Many of us at Flora Grubb Gardens love to cut from our gardens to bring nature inside.
When you think of a cutting garden, super-thirsty, finicky plants might first come to mind, but we've got lots of ideas for low-water, low-maintenance plants that are great for cutting all year long. We gathered a big bucket of luscious stems from staff gardens and made some simple arrangements to inspire you.
Okay, so citrus aren’t exactly low-water plants, but they are quintessential in California gardens. Their fragrant blooms, lustrous foliage, and bright fruit are gorgeous in bouquets. Tall hanging vases are great for garden cuttings—just pop them in on your way inside, before you even get your gloves off!
Palm leaves add a chic and sculptural note to any arrangement. The silver Mediterranean fan palm’s radial leaf is the perfect foil to this gushy tangerine cutting. Just be sure not to over-prune (and never from the center of the crown), as palms need a full canopy of leaves to maintain good health.
Calandrinia spectabilis is a drought-tolerant succulent that produces loads of neon magenta poppy-like blooms from April all the way to November. No need to deadhead, because the spent blooms just sort of shrink back into the bracts when they're done, and the next little flower on the stem pops out. Cut stems will even keep blooming this way in the vase!
This bouquet also includes variegated Pittosporum tenuifolium, which has a nice playful quality, and the creamy confetti of Gossamer Wings vine (Aphanopetalum resinosum ‘Gossamer Wings’). Vines are fun to play with in bouquets, creating loops and tendrils. Next time your jasmine needs a haircut, bring the trimmings inside!
Darker elements add drama, especially when paired with bright blooms for contrast. Agonis ‘Afterdark’ foliage is almost black, with a subtle hint of burgundy that picks up the color of Aeonium arboreum 'Zwartkop'.

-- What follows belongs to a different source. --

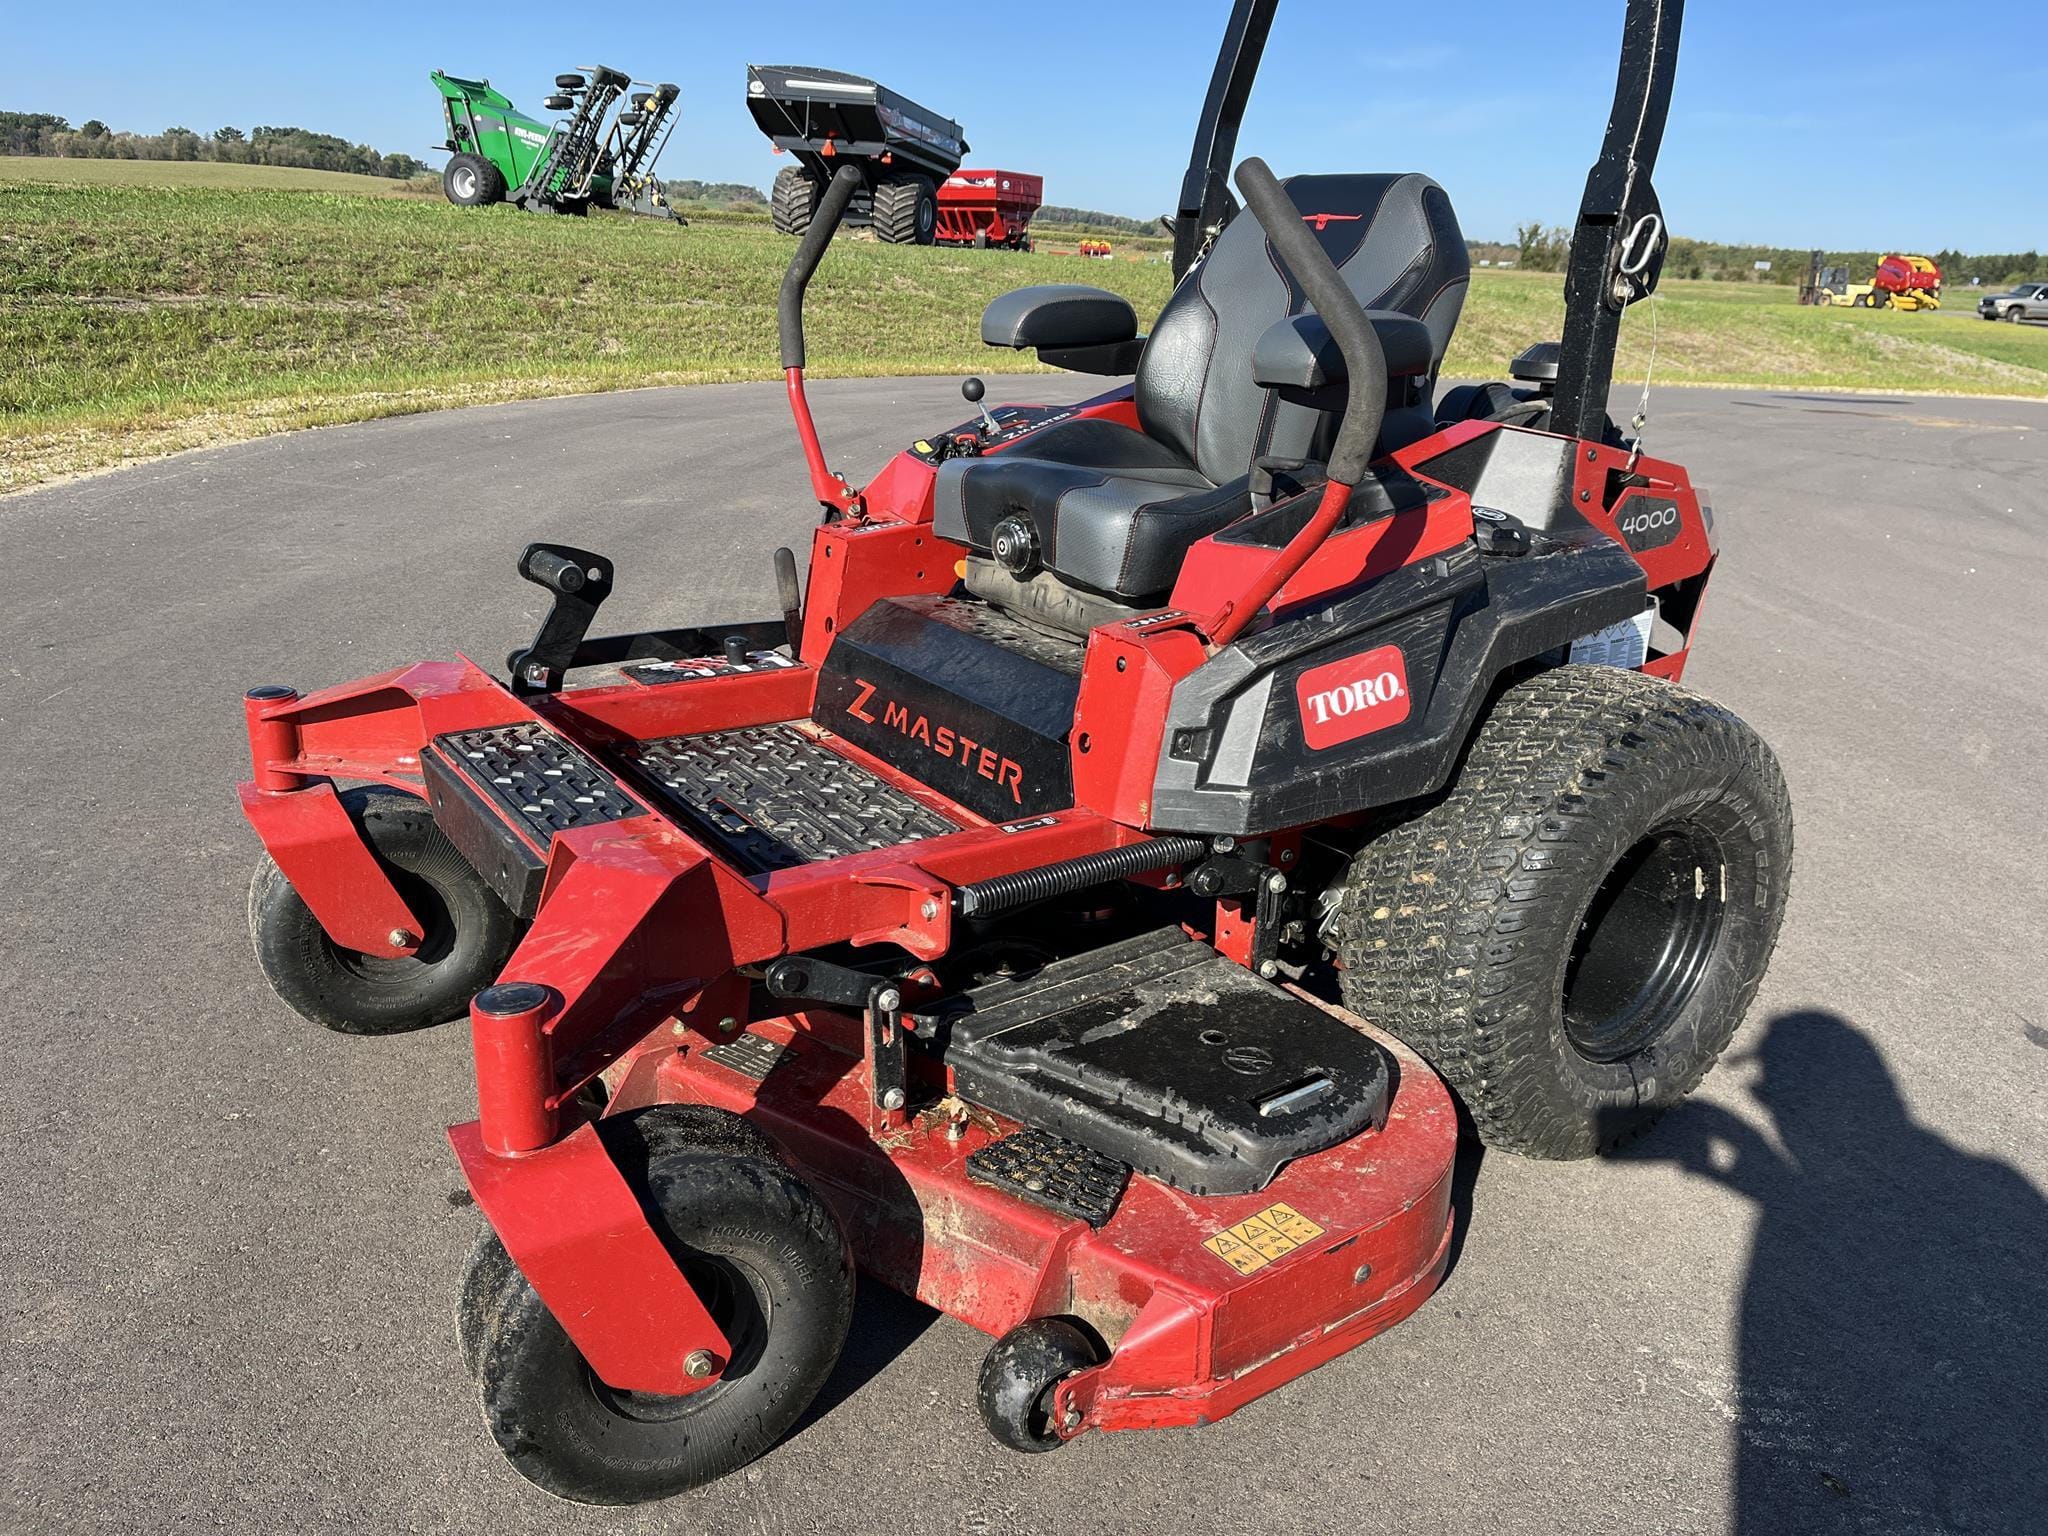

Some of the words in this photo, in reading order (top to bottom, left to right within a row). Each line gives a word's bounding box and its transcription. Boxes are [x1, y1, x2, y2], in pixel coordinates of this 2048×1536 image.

Succulents make great cutting plants. Most varieties can simply be re-planted after they're used in a vase; aeoniums are especially bouquet-friendly because of their long stems. Just tuck them right back in the soil outside once your arrangement's past its prime.
Leucospermum, sometimes known as pincushion protea, produce vibrant blooms all through spring and early summer. The flowers themselves are intricate and strange, like sea creatures—always a conversation piece! Perfect with the stunning pink and white blooms of Feijoa sellowiana, or pineapple guava, which also produces tasty fruit.
Japanese maple cuttings don't last terribly long, but we use them in bouquets for their fleeting, delicate beauty and lacy softness.
An ikebana-style arrangement, perfectly suited to its mid-century–inspired Case Study pot, highlights the naturally undulating form of Asparagus ‘Myers’. The lime green is striking next to the deep wine color of Leucadendron ‘Ebony’. And hellebores, while not exactly the least thirsty plants we’re featuring here, are excellent for cutting, with their parchment-like flowers in a soft palette running from tonal greens to deep eggplant purples.
Leucadendron and other proteaceous plants are easy to grow and maintain, and cut stems typically last for at least a week in water, sometimes even drying beautifully. Leucadendron 'Pisa', with its silvery metallic glow and year-round buttery yellow blooms, is a cutting garden gem.
Having a selection of snips that's both beautiful and practical makes collecting stems a pleasure. Handmade carbon steel tools from Hida Tool are perfect gifts.
Modern Cutting Gardens Around the Bay
For a little more inspiration, here are some of our favorite gardens that feature perfect low-maintenance, low-water plants for cutting.
In this garden, designed by beloved former FGG team member Daniel Nolan, leucadendron shrubs just keep on giving, with an endless supply of tulip-tipped stems with lovely red leaves that will keep their color for a couple of weeks in a vase. And they respond to cutting by getting bushier and more beautiful. We also love to cut Anigozanthus (kangaroo paws) for bouquets. They add some whimsy and more long-lasting color.
Kniphofia flowers, upright in form and brilliantly hued, are beautiful in tall glass vases, or mixed with wispy arrow-shaped foliage of plants like westringia.
Variegated foliage always draws the eye, and the paw-shaped leaves of Fatsia japonica ‘Variegata’ (center top) are perfect as a single stem in a tiny vase or drinking glass.
Grevillea might be the epitome of low-water cutting garden plants, with its delicate seaweed-like foliage and shimmery, intricate blooms.
Strelitzia (bird of paradise) have a kind of retro vibe in this sweet urban garden (another Daniel Nolan beauty!). Cut them when they’re still closed and gift them to your mom at any time of year! It’s so fun to watch them unfurl in the vase.